Tuesday, 31 March 2015

March goes out like a lion ...


March can be cold beers in the summerhouse, or howling winds, and there have been precious few cold beers drunk this month ! The winds today have been strong enough to blow lorries and trees over, causing the bridges over the Rivers Humber and Ouse to be closed at the same time, making travel around our region difficult.
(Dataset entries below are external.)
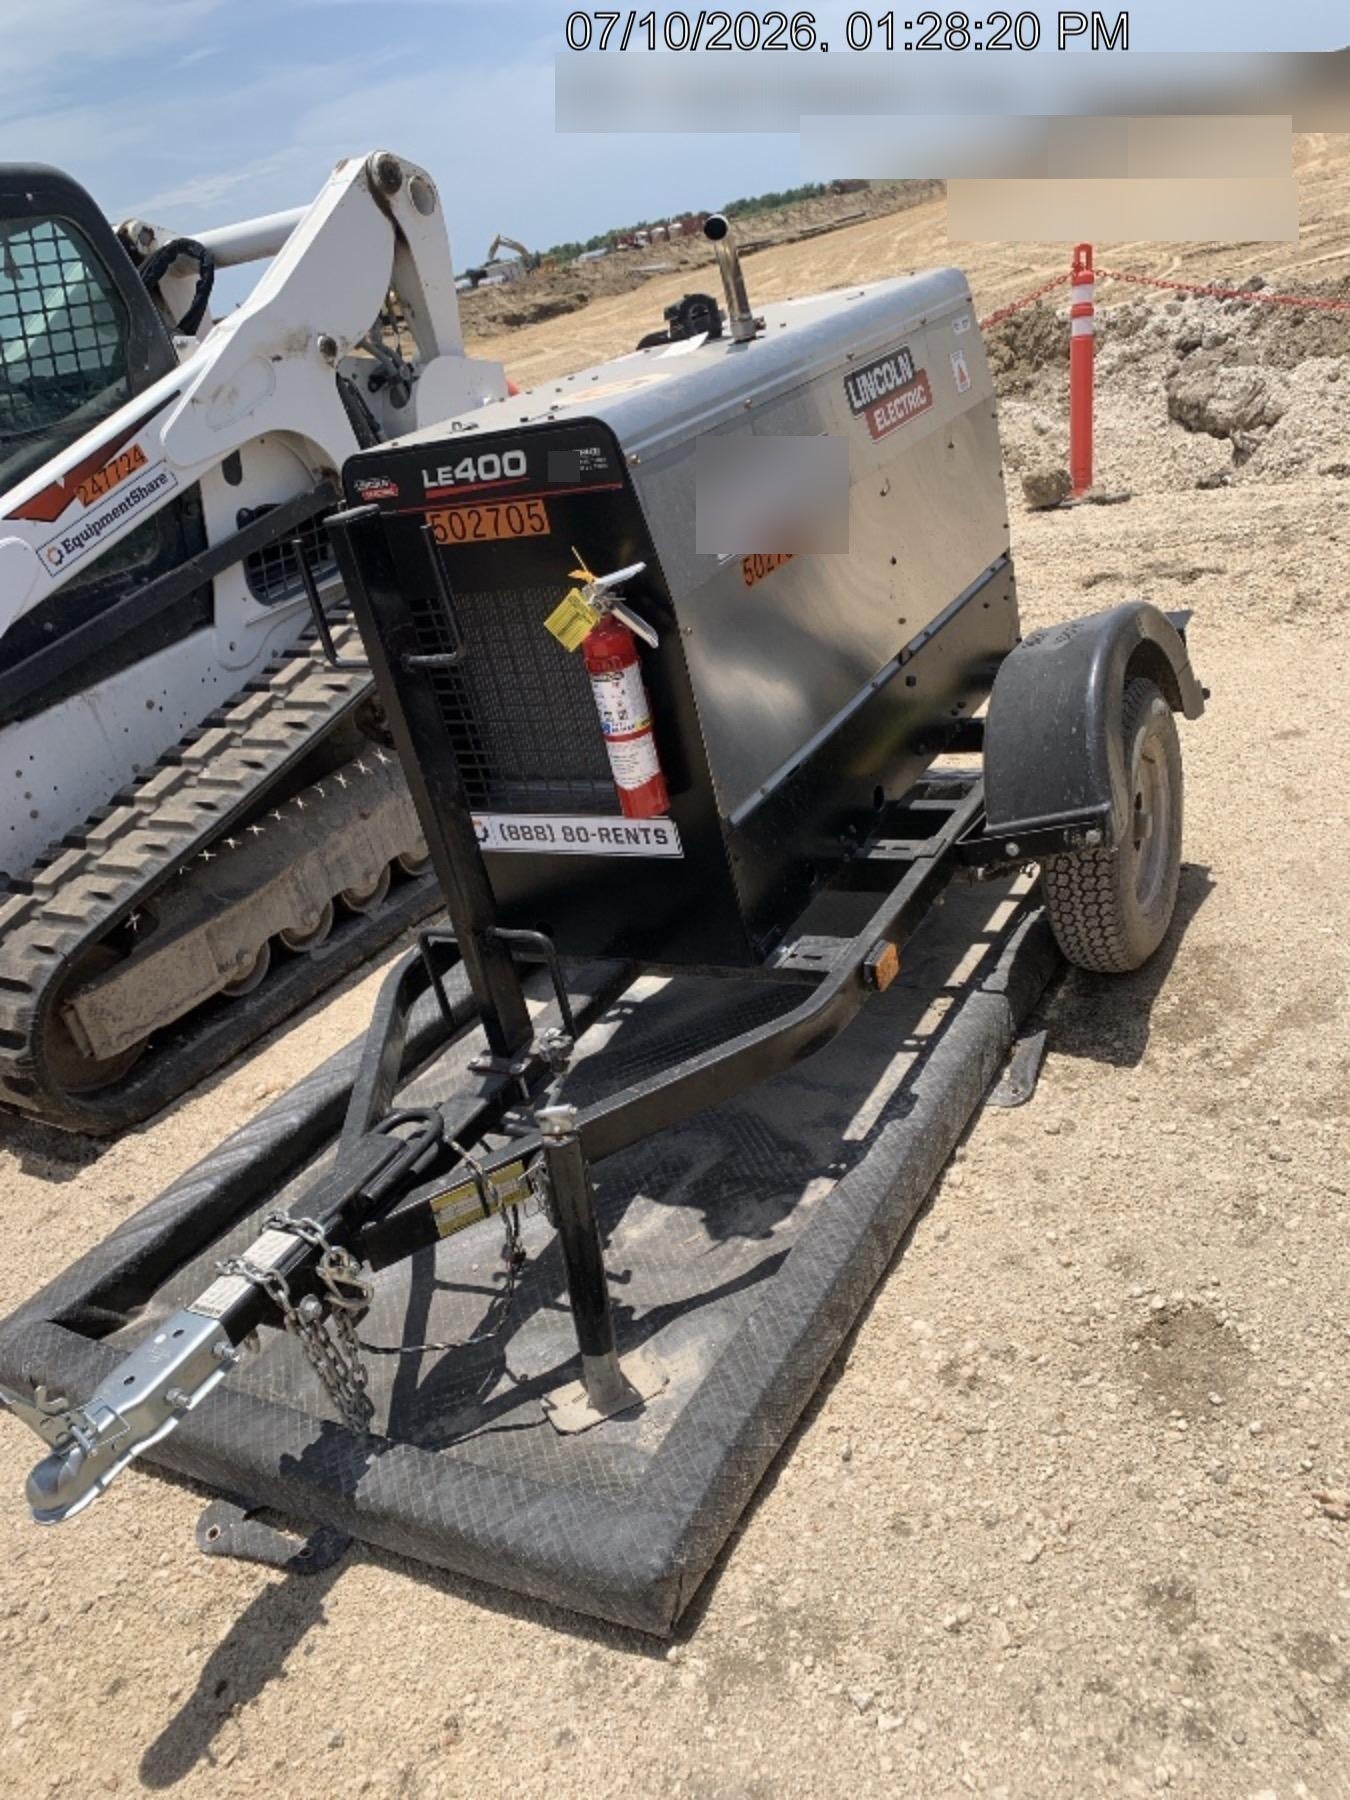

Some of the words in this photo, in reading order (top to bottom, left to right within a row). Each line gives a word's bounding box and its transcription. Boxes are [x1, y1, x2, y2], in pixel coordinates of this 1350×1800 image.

[848, 350, 914, 409] LINCOLN
[873, 385, 928, 431] ELECTRIC
[76, 445, 146, 504] 247724
[421, 450, 527, 488] LE400
[62, 471, 169, 554] EquipmentShare
[430, 502, 545, 542] 502705
[500, 823, 554, 843] (888)
[562, 826, 668, 845] 80-RENTS
This March has been a cold, grey month which seems to have slowed down the ticking of the time bomb which is spring. To be honest, it feels as of nothing much is happening in the garden at the moment. Yes, there are patches of welcome colour from bulbs, pulmonaria, hellebores etc, but the stalwarts of the spring garden, Flowering Currant and Kerria Japonica  remain in tight bud, whilst the Forsythia has only opened its flowers over the last couple of days . There are some small benefits to this cold month, however, such as very little weed and grass growth, but spring is definitely dawdling along and dragging her heels.

Polyanthus 'Gold Lace'
Even the seeds grown in the warmth of the propagator and conservatory seem to be slow to germinate and to grow, perhaps due to lower light levels than usual? I'm not sure. Sad soul that I am, I have kept a journal every day for the past thirty years, and each year I record the first day I see the leaves of the Hawthorn unfurling, and the first day there is frog spawn in the pond. Both these events are two to three weeks later than they were last year.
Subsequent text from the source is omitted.